To do: Please print exactly the line containing "this 1500×1125 image." and every line after it to the end of the records below, and nothing more.

Records for processing:
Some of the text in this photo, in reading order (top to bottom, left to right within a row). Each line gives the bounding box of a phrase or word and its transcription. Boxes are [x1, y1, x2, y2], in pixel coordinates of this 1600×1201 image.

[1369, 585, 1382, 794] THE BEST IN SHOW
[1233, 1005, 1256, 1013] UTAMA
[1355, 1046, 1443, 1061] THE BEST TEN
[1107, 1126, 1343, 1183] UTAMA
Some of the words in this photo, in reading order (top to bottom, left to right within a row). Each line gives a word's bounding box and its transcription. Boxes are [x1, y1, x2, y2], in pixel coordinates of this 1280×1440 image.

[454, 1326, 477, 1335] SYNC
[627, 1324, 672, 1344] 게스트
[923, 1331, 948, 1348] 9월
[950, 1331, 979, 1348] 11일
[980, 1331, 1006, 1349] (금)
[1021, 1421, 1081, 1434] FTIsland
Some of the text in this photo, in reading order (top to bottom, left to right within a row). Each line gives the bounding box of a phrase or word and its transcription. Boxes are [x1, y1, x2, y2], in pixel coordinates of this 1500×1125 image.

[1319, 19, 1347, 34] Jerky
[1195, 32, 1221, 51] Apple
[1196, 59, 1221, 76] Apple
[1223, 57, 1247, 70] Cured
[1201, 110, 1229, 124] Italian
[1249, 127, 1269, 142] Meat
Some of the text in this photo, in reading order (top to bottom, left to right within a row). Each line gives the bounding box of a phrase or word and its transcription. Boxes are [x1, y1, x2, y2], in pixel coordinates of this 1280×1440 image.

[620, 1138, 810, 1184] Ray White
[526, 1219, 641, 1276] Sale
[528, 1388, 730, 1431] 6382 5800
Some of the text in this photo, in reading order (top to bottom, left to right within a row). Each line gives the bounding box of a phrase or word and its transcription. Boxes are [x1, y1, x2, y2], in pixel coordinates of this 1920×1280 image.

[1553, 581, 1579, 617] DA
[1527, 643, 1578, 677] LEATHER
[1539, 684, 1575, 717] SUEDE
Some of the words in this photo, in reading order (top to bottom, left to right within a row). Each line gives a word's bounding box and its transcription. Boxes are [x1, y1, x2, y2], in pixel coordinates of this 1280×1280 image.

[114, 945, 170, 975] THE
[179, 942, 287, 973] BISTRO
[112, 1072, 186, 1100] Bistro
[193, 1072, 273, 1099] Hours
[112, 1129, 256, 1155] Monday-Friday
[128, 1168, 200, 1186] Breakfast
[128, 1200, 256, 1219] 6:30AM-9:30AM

Written solution:
Some of the text in this photo, in reading order (top to bottom, left to right within a row). Each line gives the bounding box of a phrase or word and its transcription. Boxes are [x1, y1, x2, y2], in pixel coordinates of this 1500×1125 image.

[1319, 19, 1347, 34] Jerky
[1195, 32, 1221, 51] Apple
[1196, 59, 1221, 76] Apple
[1223, 57, 1247, 70] Cured
[1201, 110, 1229, 124] Italian
[1249, 127, 1269, 142] Meat
Some of the text in this photo, in reading order (top to bottom, left to right within a row). Each line gives the bounding box of a phrase or word and its transcription. Boxes are [x1, y1, x2, y2], in pixel coordinates of this 1280×1440 image.

[620, 1138, 810, 1184] Ray White
[526, 1219, 641, 1276] Sale
[528, 1388, 730, 1431] 6382 5800
Some of the text in this photo, in reading order (top to bottom, left to right within a row). Each line gives the bounding box of a phrase or word and its transcription. Boxes are [x1, y1, x2, y2], in pixel coordinates of this 1920×1280 image.

[1553, 581, 1579, 617] DA
[1527, 643, 1578, 677] LEATHER
[1539, 684, 1575, 717] SUEDE
Some of the words in this photo, in reading order (top to bottom, left to right within a row). Each line gives a word's bounding box and its transcription. Boxes are [x1, y1, x2, y2], in pixel coordinates of this 1280×1280 image.

[114, 945, 170, 975] THE
[179, 942, 287, 973] BISTRO
[112, 1072, 186, 1100] Bistro
[193, 1072, 273, 1099] Hours
[112, 1129, 256, 1155] Monday-Friday
[128, 1168, 200, 1186] Breakfast
[128, 1200, 256, 1219] 6:30AM-9:30AM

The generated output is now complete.